Source material
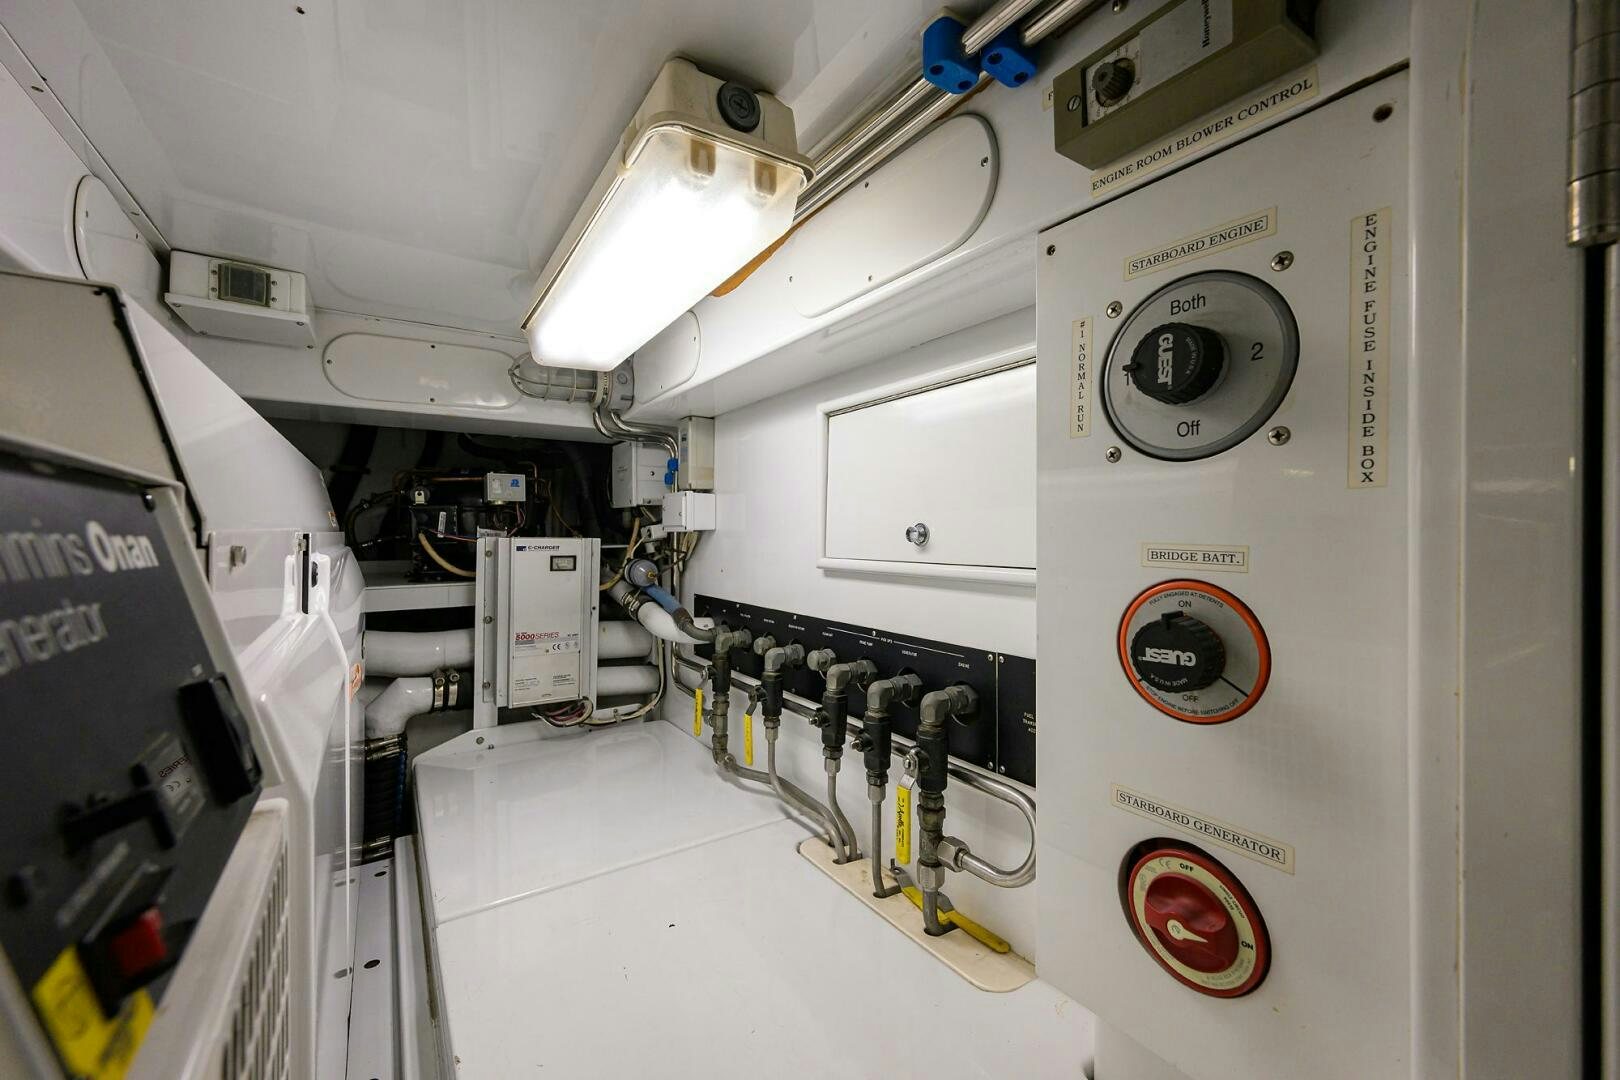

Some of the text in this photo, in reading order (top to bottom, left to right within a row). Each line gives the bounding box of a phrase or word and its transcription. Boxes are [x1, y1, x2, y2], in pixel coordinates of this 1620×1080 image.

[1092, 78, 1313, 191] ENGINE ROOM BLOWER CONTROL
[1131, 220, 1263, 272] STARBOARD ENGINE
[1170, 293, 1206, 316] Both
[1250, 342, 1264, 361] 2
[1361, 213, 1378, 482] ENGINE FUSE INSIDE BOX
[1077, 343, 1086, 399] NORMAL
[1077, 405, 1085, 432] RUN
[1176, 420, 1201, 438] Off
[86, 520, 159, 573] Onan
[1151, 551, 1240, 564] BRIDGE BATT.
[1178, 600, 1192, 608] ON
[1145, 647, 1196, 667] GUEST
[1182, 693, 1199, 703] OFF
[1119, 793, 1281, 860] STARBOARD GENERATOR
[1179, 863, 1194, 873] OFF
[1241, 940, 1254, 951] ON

Exercise description
Pictures are to be left out; set down everything else in the records exactly.

Answer to this task
Some of the text in this photo, in reading order (top to bottom, left to right within a row). Each line gives the bounding box of a phrase or word and its transcription. Boxes are [x1, y1, x2, y2], in pixel coordinates of this 1620×1080 image.

[1092, 78, 1313, 191] ENGINE ROOM BLOWER CONTROL
[1131, 220, 1263, 272] STARBOARD ENGINE
[1170, 293, 1206, 316] Both
[1250, 342, 1264, 361] 2
[1361, 213, 1378, 482] ENGINE FUSE INSIDE BOX
[1077, 343, 1086, 399] NORMAL
[1077, 405, 1085, 432] RUN
[1176, 420, 1201, 438] Off
[86, 520, 159, 573] Onan
[1151, 551, 1240, 564] BRIDGE BATT.
[1178, 600, 1192, 608] ON
[1145, 647, 1196, 667] GUEST
[1182, 693, 1199, 703] OFF
[1119, 793, 1281, 860] STARBOARD GENERATOR
[1179, 863, 1194, 873] OFF
[1241, 940, 1254, 951] ON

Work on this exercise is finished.